◆ **THE PROBLEM**
What is needed is an exact copy of the listing, with no pictures in it.

◇ ◇ ◇ ◇ ◇

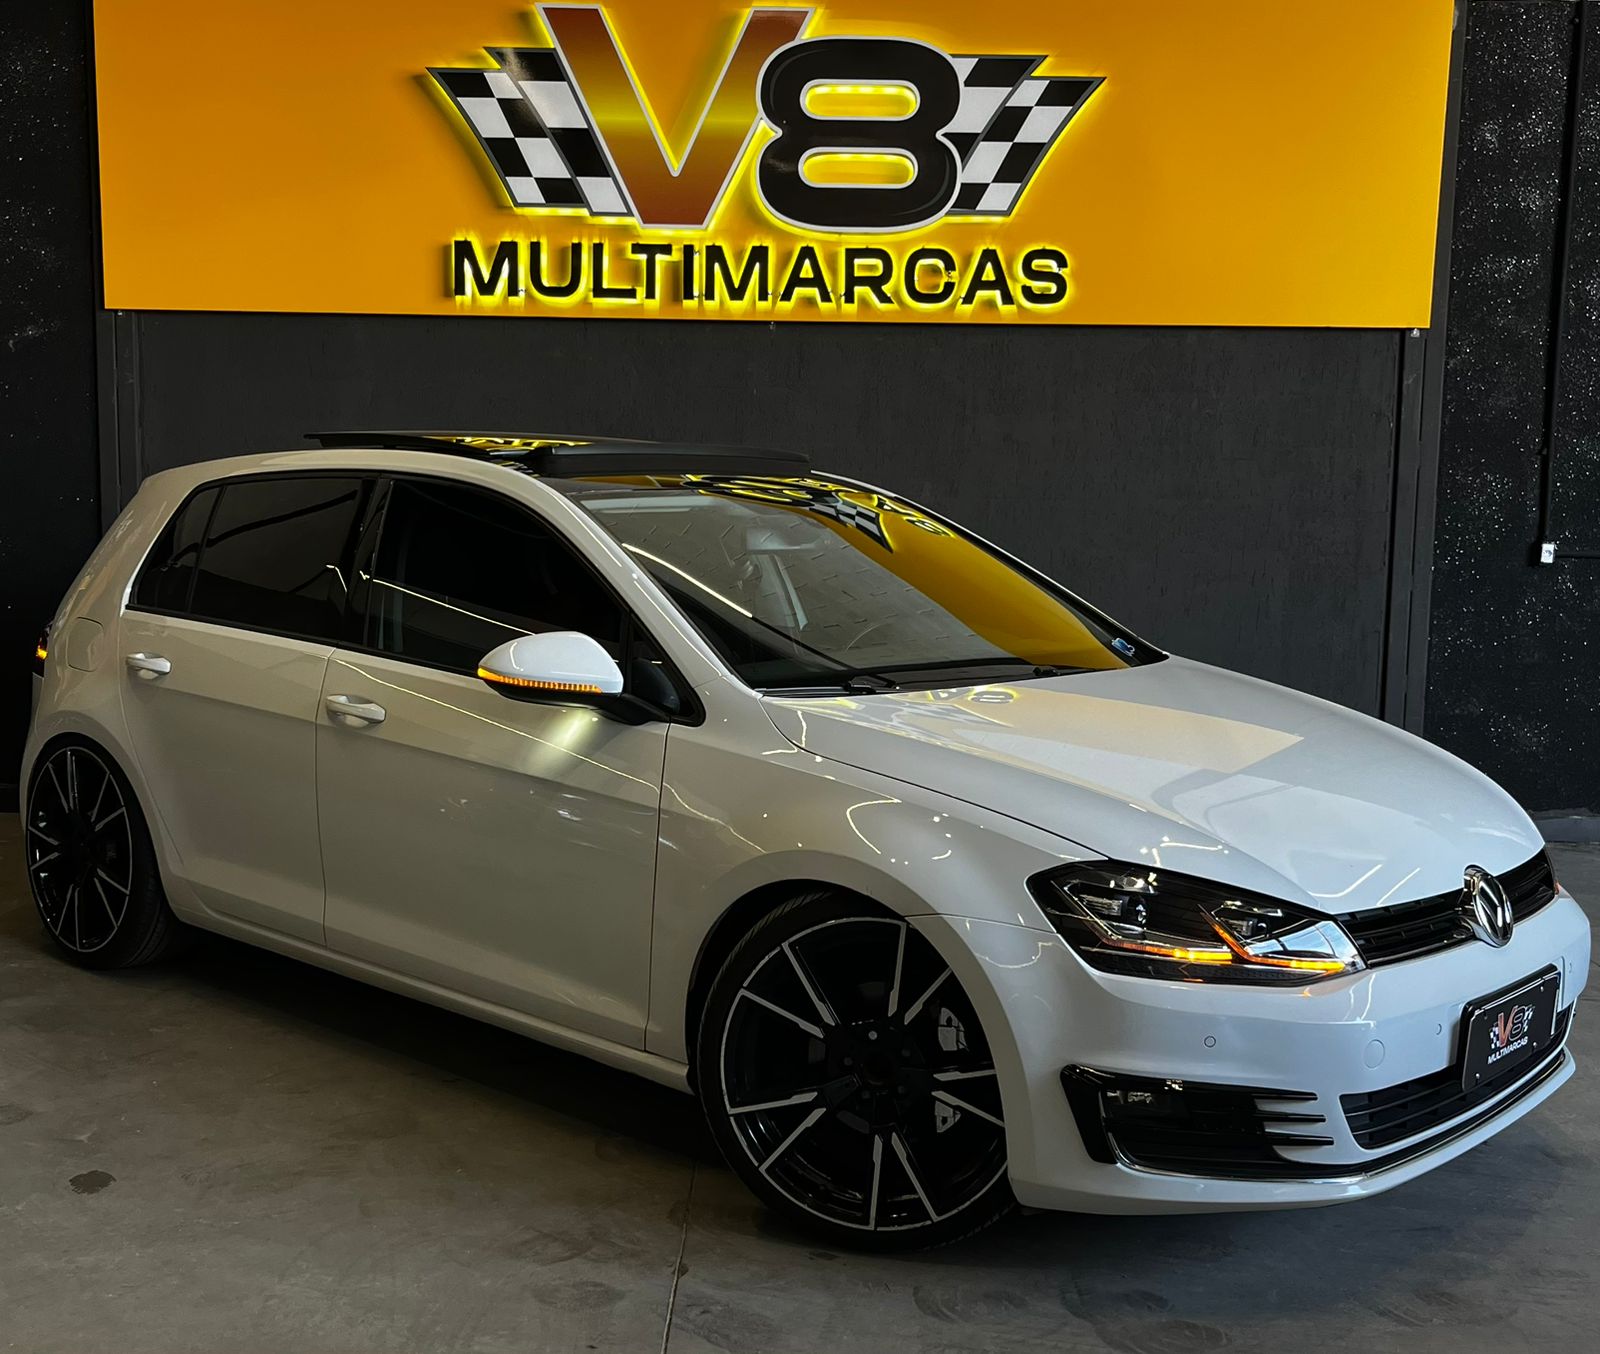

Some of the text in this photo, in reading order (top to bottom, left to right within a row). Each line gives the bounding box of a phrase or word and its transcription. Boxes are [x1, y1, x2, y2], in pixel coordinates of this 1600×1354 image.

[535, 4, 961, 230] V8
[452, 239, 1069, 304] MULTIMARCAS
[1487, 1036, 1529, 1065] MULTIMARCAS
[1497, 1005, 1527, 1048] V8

◇ ◇ ◇ ◇ ◇

◆ **RESULT**
Some of the text in this photo, in reading order (top to bottom, left to right within a row). Each line gives the bounding box of a phrase or word and its transcription. Boxes are [x1, y1, x2, y2], in pixel coordinates of this 1600×1354 image.

[535, 4, 961, 230] V8
[452, 239, 1069, 304] MULTIMARCAS
[1487, 1036, 1529, 1065] MULTIMARCAS
[1497, 1005, 1527, 1048] V8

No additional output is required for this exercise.